After completing a degree in Physics & Electronics at Manchester I worked on the design, operations and construction of nuclear power stations – becoming a project manager through necessity rather than design. So project management wasn't exactly a career of choice for me – and that has traditionally been true for many project professionals. A typical route is to study for a university degree, work for a while in your chosen industry and then progress to project manager – usually in that very same industry.
But this year there will be another significant change in the project management world that will open up opportunities for people who choose not to go to university. University education isn't right for everyone and I don't know how I would feel now if I knew I would be leaving with a large debt as well as my B.Sc.
In fact, for young people who know already that they want to work in project management (and who wouldn't, now that it has a Royal Charter) there is a new Project Management Apprentice scheme. This has been introduced because large companies will soon have to pay a new Apprenticeship Levy designed to encourage them to train their workforce in new skills.
Because large organisations subject to this levy can offset the amount due by paying for apprentices to be trained, it makes sense that they will do so - and then benefit from a better trained workforce.
Back when I was a student apprenticeships were viewed as the "non-academic" option but times have changed and they can now lead to degree-level qualifications and higher accreditation, eventually, such as chartered status.
Employers will benefit through improved delivery of projects and the apprentice will benefit from exposure to industry best practice and by learning project management skills that will lead to professional qualifications.
What makes the apprenticeship programme a different route into project management is perhaps not that these new project managers won't have had a university education, but rather that they will not have specific industry experience.
There are plenty of arguments for and against whether a project manager needs industry knowledge and experience to be effective. Certainly, it isn't always an advantage as it can limit creative thinking and can mean project managers get too involved with the detail.
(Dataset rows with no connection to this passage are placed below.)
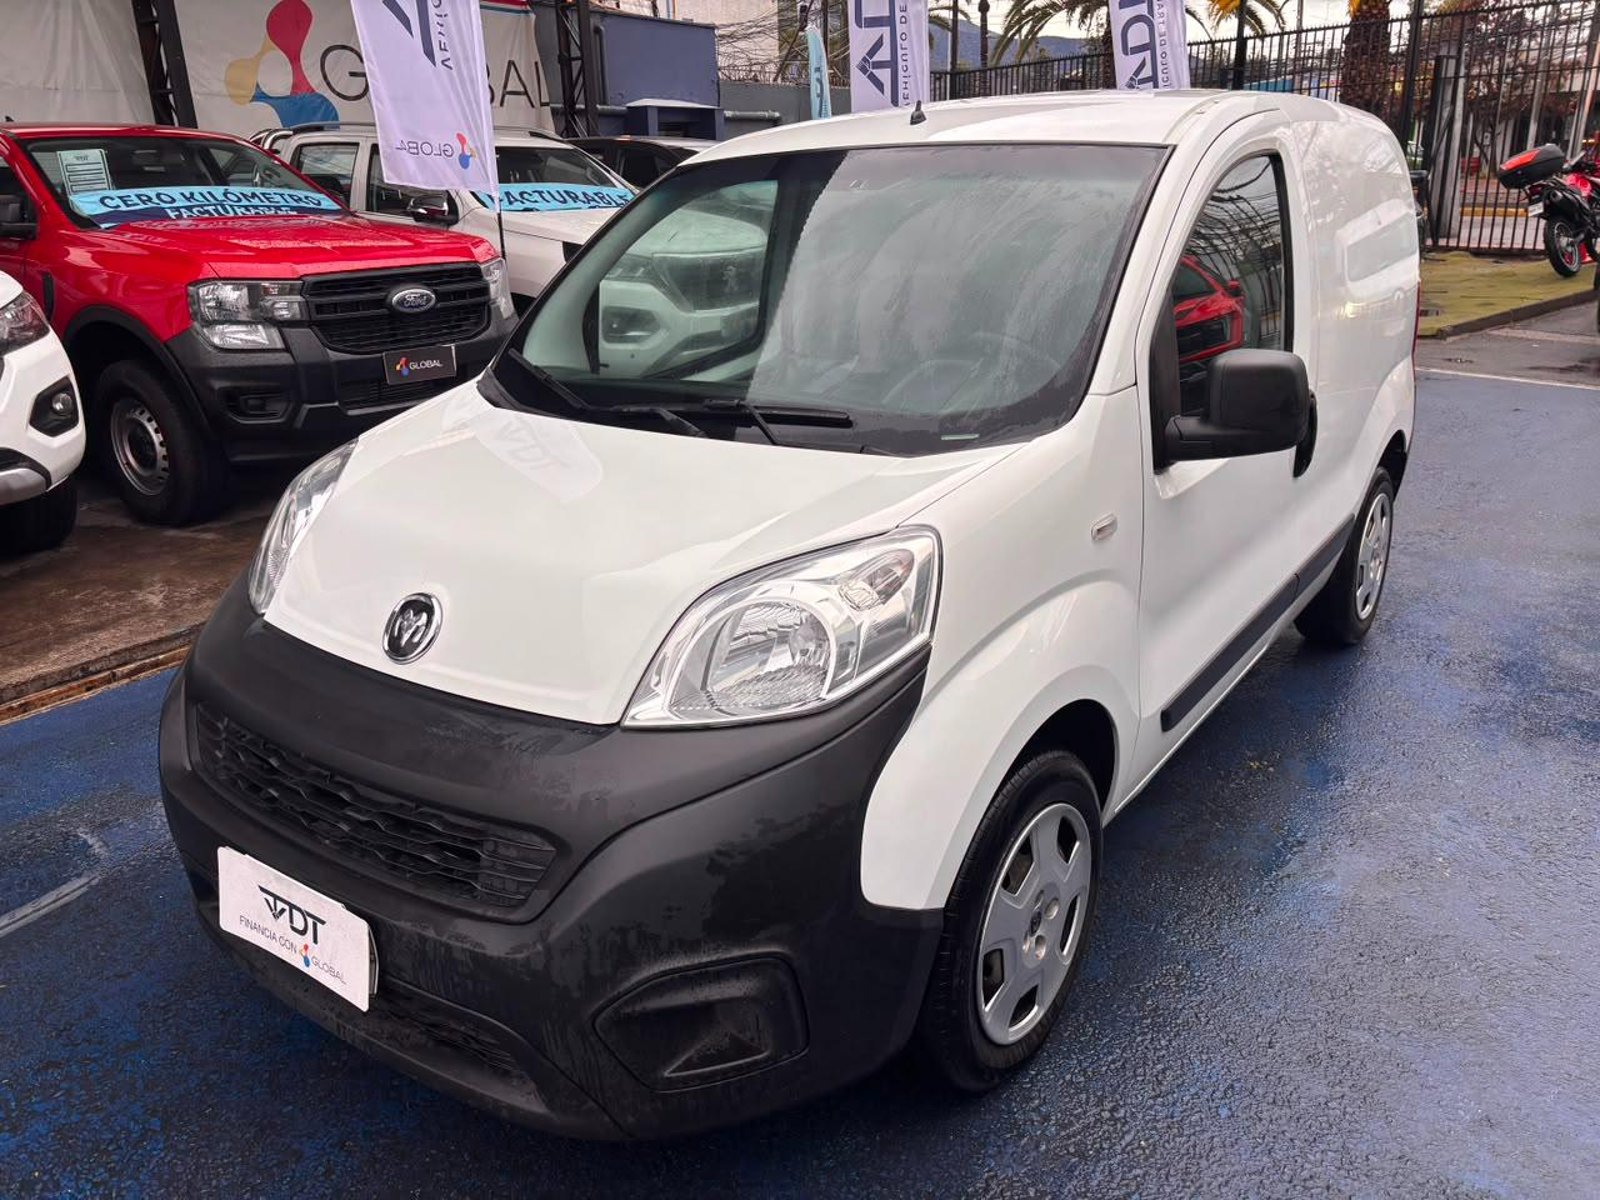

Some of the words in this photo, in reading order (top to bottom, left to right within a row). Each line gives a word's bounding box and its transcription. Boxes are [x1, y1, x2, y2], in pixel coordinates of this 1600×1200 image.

[99, 191, 177, 209] CERO
[181, 189, 321, 207] KILÓMETRO
[408, 359, 444, 370] GLOBAL
[257, 885, 327, 945] VDT
[238, 914, 278, 943] FINANCIA
[278, 935, 298, 954] CON
[310, 955, 348, 985] GLOBAL
So the chances are that the apprenticeship programme could produce very effective, outward-looking project managers – only time will tell. I'd be interested to know what others think about project managers starting to come up though the apprenticeship route. What will that mean for already qualified project managers, what will it mean for employers and for the profession as a whole?
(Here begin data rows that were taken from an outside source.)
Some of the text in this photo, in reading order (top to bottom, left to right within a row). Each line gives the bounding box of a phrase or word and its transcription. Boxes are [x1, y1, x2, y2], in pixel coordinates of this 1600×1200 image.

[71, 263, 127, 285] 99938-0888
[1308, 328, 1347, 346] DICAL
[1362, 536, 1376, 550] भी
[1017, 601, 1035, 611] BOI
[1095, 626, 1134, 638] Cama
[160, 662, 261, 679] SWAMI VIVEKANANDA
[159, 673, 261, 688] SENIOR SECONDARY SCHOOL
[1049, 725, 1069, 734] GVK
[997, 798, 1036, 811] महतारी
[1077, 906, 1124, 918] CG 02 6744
Note on the Project Management Apprenticeship Programme referred to above:
Apprentices are taught by project management training experts at Parallel Project Training, a fully accredited APM training provider in preparation for them sitting the APM Project Management Qualification (APM PMQ). This will also provide the Apprentices with their first step towards full membership of the APM. They can join the APM as Student members during their Apprenticeship and upgrade to Associate membership upon completion of their Apprenticeship. This teaching and learning will be delivered through a mixture of face-to-face and remote contacts with learning materials, objectives and progress monitoring supported by ILE’s Virtual Learning Environment.